Streaming service competition has gone the way of cable

Streaming service competition has gone the way of cable
June 30
14:00 2022

Netflix. Hulu. HBO Max. Peacock. Amazon Prime Video. Disney+. The past decade has seen the fall of the era of cable and the rise of streaming services. The oversaturation of choices along with increasingly hostile takeovers of intellectual properties has marred the original premise of the platforms.

When Netflix first rose to popularity, it was seen as a spectacular circumvention to the available options at the time: renting movies on physical copies or having a cable package and a DVR that recorded what you wanted to watch. Netflix had a little bit of everything, from all studios and production companies, and was available immediately — no trip to the store or carefully scheduled recording needed. Once companies saw the capitalistic promise of the medium, a mad dash was made to reclaim the intellectual property for their exclusive use, most notably with the emergence of Peacock.

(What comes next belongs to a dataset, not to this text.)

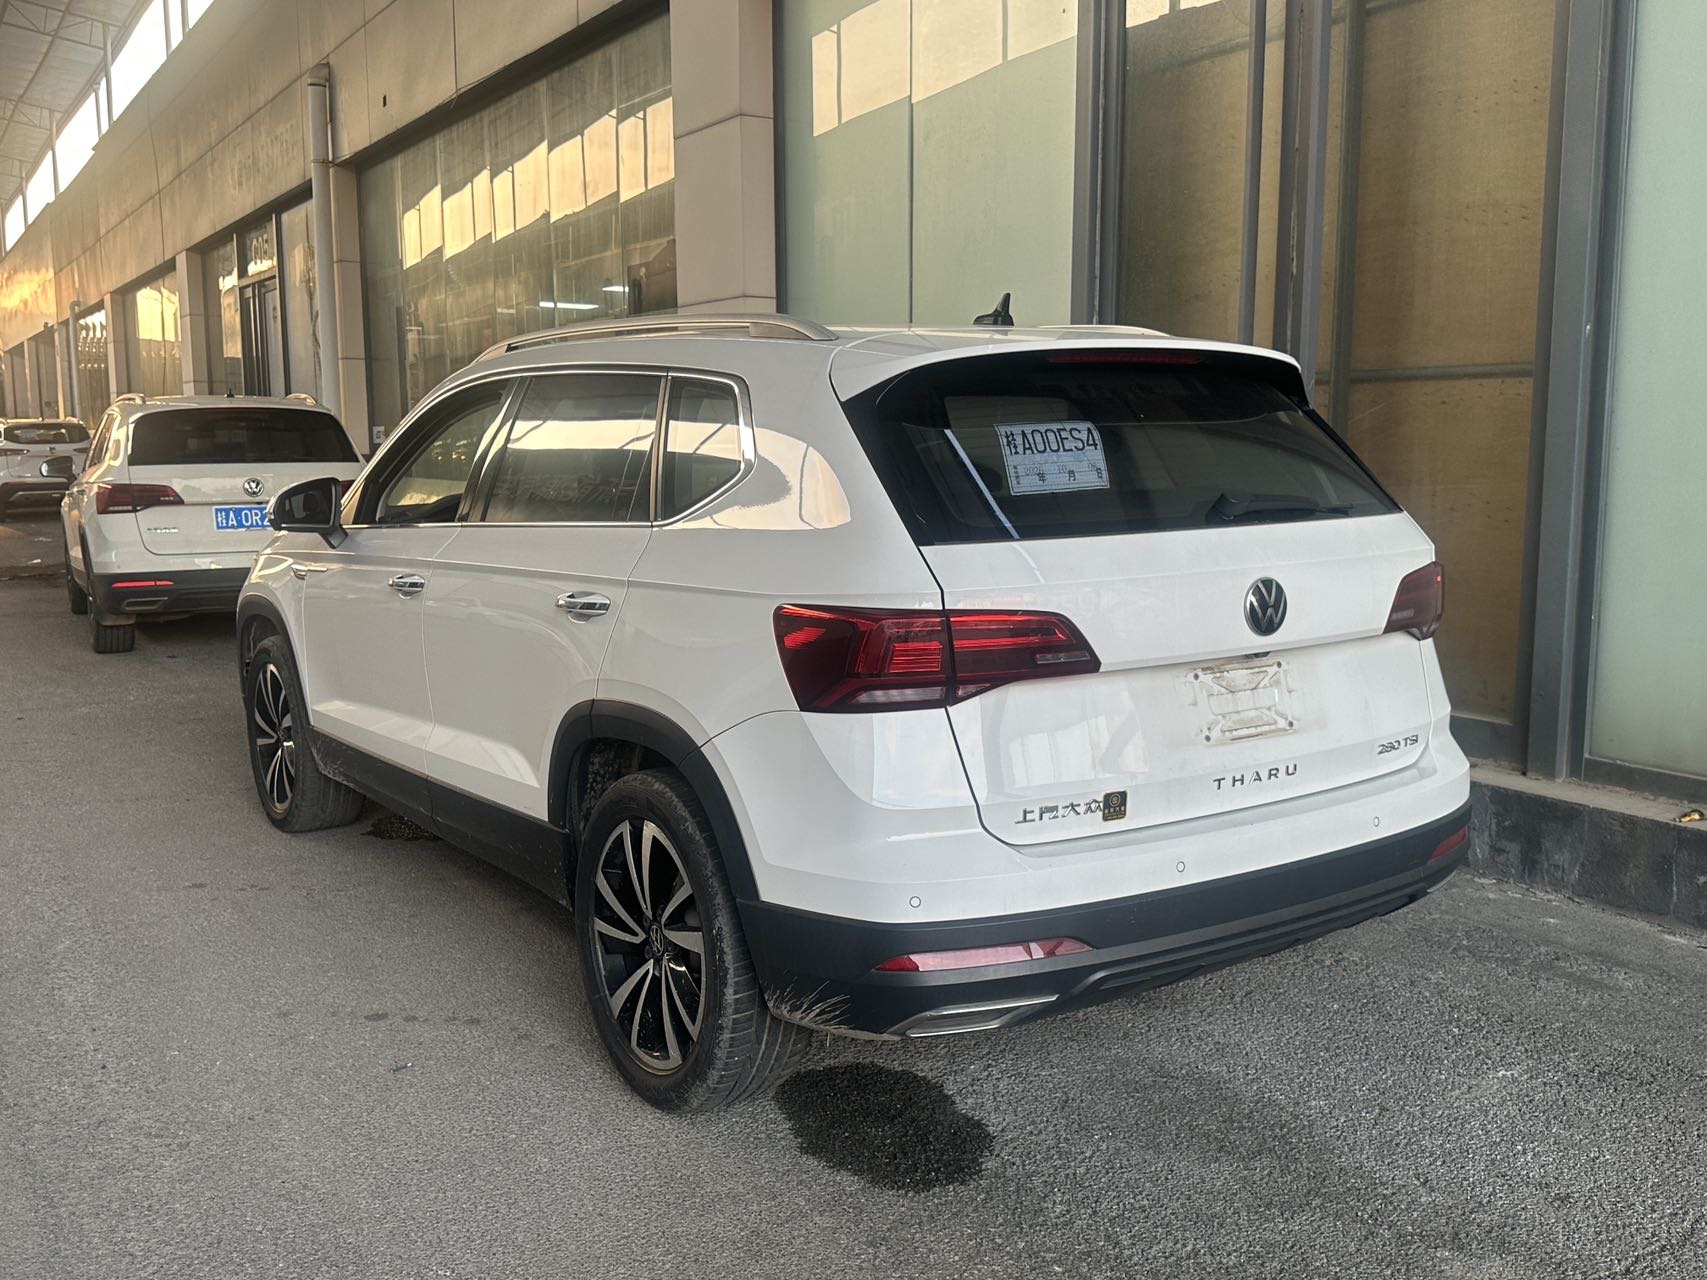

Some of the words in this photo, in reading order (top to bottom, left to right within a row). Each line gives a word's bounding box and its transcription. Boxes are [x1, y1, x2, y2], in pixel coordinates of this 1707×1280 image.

[1244, 577, 1287, 636] VW
[1213, 763, 1297, 790] THARU
[1015, 799, 1103, 824] 上汽大众

With Netflix reporting its first drop in subscribers in over a decade and considering the addition of advertisements as a part of its service, the company has essentially whittled itself back down to what on-demand cable offered a decade ago. This isn’t the only similarity Netflix and others share with television though — streaming services’ content hoarding has made them little more than glorified TV channels.

To their viewers’ detriment, streaming platforms are locked in an all-out war to outdo one another. Netflix may have Academy Awards and HBO Max may offer titles soon after theatrical release, but their exclusivity racks up monthly charges for their audiences.

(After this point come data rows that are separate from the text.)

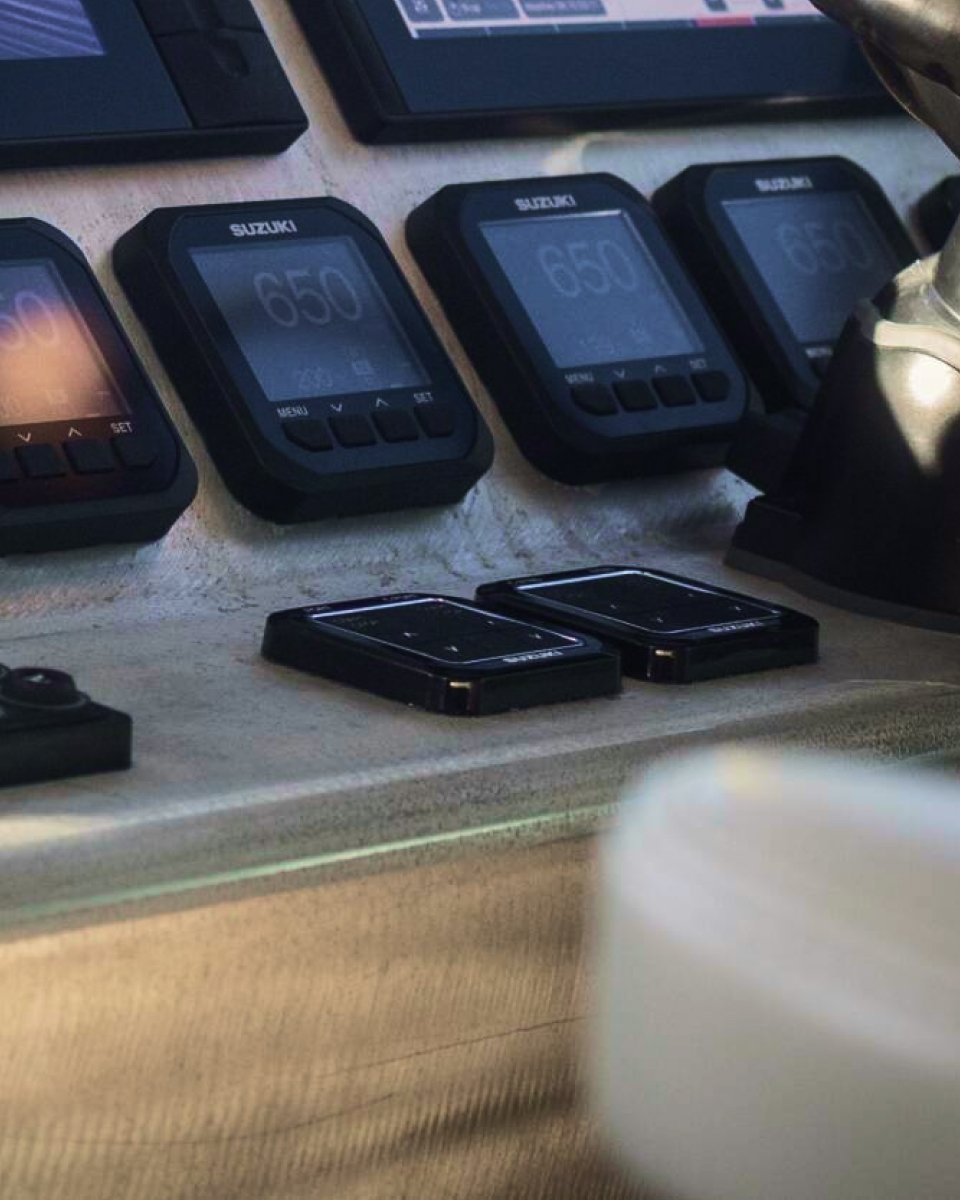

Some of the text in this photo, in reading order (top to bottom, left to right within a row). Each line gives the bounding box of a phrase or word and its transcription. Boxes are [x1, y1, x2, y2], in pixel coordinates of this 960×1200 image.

[514, 195, 577, 211] SUZUKI
[230, 220, 297, 236] SUZUKI
[541, 240, 637, 297] 650
[253, 266, 362, 327] 650
[277, 406, 309, 418] MENU
[110, 421, 133, 434] SET
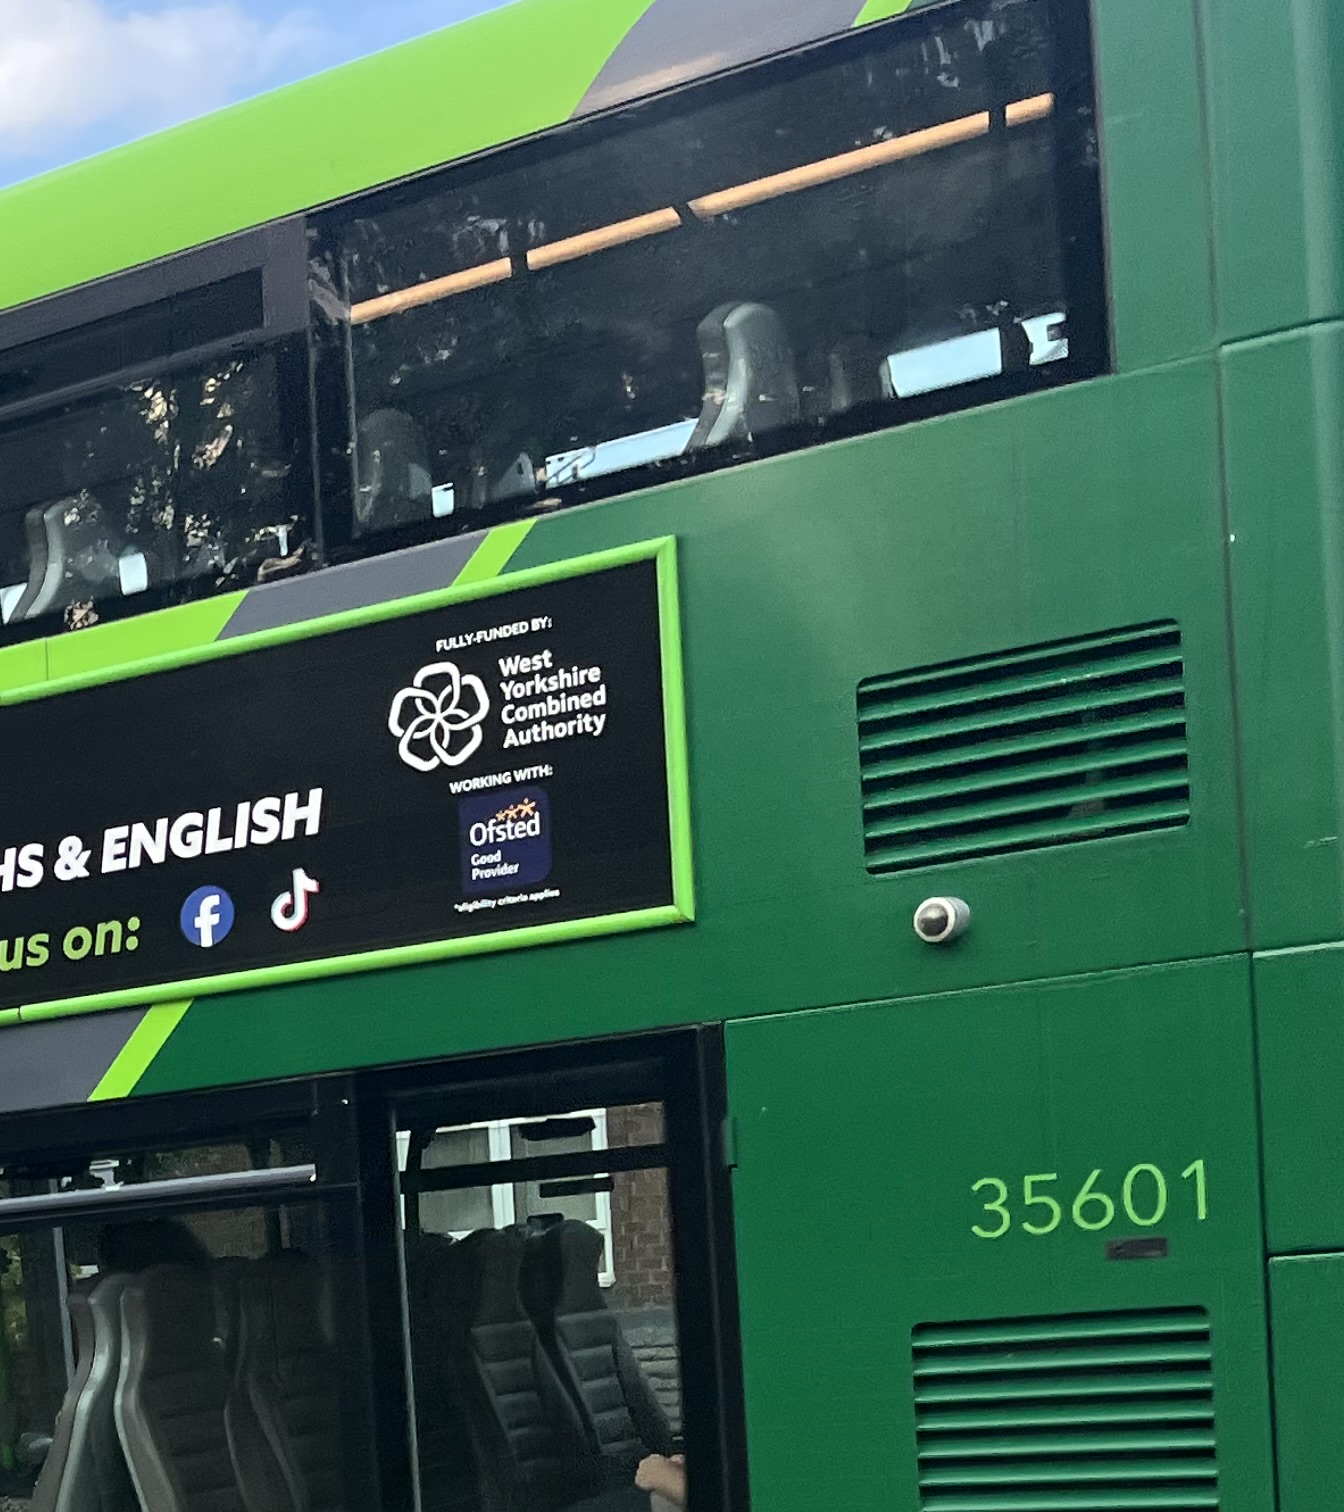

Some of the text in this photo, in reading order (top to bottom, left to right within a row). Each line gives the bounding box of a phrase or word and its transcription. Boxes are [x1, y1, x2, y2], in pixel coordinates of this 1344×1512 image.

[435, 615, 553, 653] FULLY-FUNDED BY:
[499, 649, 553, 677] West
[500, 664, 601, 701] Yorkshire
[502, 684, 607, 725] Combined
[503, 713, 607, 748] Authority
[449, 764, 553, 794] WORKING WITH:
[53, 835, 92, 881] &
[100, 787, 323, 874] ENGLISH
[469, 811, 541, 847] Ofsted
[470, 850, 502, 867] Good
[471, 862, 520, 881] Provider
[62, 915, 141, 960] on:
[971, 1159, 1208, 1239] 35601

Most streaming services cost around $10 for the most basic level of service, and if you want a variety, you’ll have to shell out two or three times that for even more platforms. Some people pay out over $100 a month just to have the ideal amount of access.

Some don’t mind having to sift through two or three different streaming services whenever they want to watch something, and others swear by their favorite platform that has exactly what they want to watch. Even though the system may work for some, it remains an unsustainable model. There’s a reason Netflix is now 40 percent original content, and Hulu and ESPN+ remain separate from Disney+ despite Disney having ownership in all three platforms. Companies will wring out as much profit as possible from their assets, even if it ultimately withers their products down to nothing, and divides content across an aggravating amount of apps.

If streaming services passed the point of no return, then how do we escape this endless streaming cycle? Enter Blockbuster. In its prime, Blockbuster provided not just the ability to see any movie for cheap, but also provided a level of locality to the corporate structure. It also sold ancillary items such as snacks and drinks, ensuring customers would be stocked up for the perfect movie night.

While resurrecting the infamous rental store may not be the exact solution, recreating a physical space for movies is an excellent compromise. If a middleman emerged that offered physical copies of streaming-exclusive content from across several platforms and gathered them all in one space, then all the companies would win out.

The hypothetical third party could even offer a space to watch streaming-exclusive movies in a theater setting, giving companies another avenue of revenue while also providing an enjoyable experience for audiences.

What most enamored those who remember Blockbuster wasn’t the dingey pallor of their establishments or its kitschy design, but the experience of getting to go pick out a movie. Rather than laying in bed, silently scrolling through a list of movies on platform after platform, the rental store encouraged movement and engagement. Storefronts also give an opportunity to engage customers in a way streaming services sorely lack.

A physical space for these companies to converge may not be the ultimate solution, but the necessity for change in some form is apparent. Netflix projects it could lose up to two million subscribers in the coming months, but beyond ads and the removal of account sharing, no remedy seems to be available. Until companies figure out how to ease the tension and become less competitive, you may be better off just seeing what’s on TV.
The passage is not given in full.